▶ **TASK TO CARRY OUT**
For this exercise, print all of the entries exactly as given.

━━━━━━━━━━━━━━━━━━━━

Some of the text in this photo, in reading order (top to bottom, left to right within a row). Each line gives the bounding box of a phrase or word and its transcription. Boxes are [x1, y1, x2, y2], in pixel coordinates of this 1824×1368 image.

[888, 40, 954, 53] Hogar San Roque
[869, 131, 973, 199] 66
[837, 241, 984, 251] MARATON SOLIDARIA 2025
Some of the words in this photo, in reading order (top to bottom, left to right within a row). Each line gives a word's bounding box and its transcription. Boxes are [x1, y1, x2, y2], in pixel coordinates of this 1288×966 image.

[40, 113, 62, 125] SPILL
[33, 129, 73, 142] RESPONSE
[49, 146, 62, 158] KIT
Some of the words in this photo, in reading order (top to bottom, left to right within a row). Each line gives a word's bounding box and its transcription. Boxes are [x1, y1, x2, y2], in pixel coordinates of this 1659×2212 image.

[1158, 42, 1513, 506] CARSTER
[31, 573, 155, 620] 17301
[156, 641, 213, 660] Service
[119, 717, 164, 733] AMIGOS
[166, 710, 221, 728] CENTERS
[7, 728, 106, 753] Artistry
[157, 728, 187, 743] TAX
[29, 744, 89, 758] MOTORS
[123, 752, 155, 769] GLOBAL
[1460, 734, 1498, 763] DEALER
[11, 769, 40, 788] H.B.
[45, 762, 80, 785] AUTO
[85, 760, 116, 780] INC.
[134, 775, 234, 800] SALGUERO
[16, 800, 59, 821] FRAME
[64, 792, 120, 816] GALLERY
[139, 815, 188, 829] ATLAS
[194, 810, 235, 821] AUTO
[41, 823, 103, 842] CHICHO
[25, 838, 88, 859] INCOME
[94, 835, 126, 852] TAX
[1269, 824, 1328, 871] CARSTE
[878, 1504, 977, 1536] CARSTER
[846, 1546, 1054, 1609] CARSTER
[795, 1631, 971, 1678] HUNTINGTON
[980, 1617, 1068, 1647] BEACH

━━━━━━━━━━━━━━━━━━━━

▶ **SOLUTION**
Some of the text in this photo, in reading order (top to bottom, left to right within a row). Each line gives the bounding box of a phrase or word and its transcription. Boxes are [x1, y1, x2, y2], in pixel coordinates of this 1824×1368 image.

[888, 40, 954, 53] Hogar San Roque
[869, 131, 973, 199] 66
[837, 241, 984, 251] MARATON SOLIDARIA 2025
Some of the words in this photo, in reading order (top to bottom, left to right within a row). Each line gives a word's bounding box and its transcription. Boxes are [x1, y1, x2, y2], in pixel coordinates of this 1288×966 image.

[40, 113, 62, 125] SPILL
[33, 129, 73, 142] RESPONSE
[49, 146, 62, 158] KIT
Some of the words in this photo, in reading order (top to bottom, left to right within a row). Each line gives a word's bounding box and its transcription. Boxes are [x1, y1, x2, y2], in pixel coordinates of this 1659×2212 image.

[1158, 42, 1513, 506] CARSTER
[31, 573, 155, 620] 17301
[156, 641, 213, 660] Service
[119, 717, 164, 733] AMIGOS
[166, 710, 221, 728] CENTERS
[7, 728, 106, 753] Artistry
[157, 728, 187, 743] TAX
[29, 744, 89, 758] MOTORS
[123, 752, 155, 769] GLOBAL
[1460, 734, 1498, 763] DEALER
[11, 769, 40, 788] H.B.
[45, 762, 80, 785] AUTO
[85, 760, 116, 780] INC.
[134, 775, 234, 800] SALGUERO
[16, 800, 59, 821] FRAME
[64, 792, 120, 816] GALLERY
[139, 815, 188, 829] ATLAS
[194, 810, 235, 821] AUTO
[41, 823, 103, 842] CHICHO
[25, 838, 88, 859] INCOME
[94, 835, 126, 852] TAX
[1269, 824, 1328, 871] CARSTE
[878, 1504, 977, 1536] CARSTER
[846, 1546, 1054, 1609] CARSTER
[795, 1631, 971, 1678] HUNTINGTON
[980, 1617, 1068, 1647] BEACH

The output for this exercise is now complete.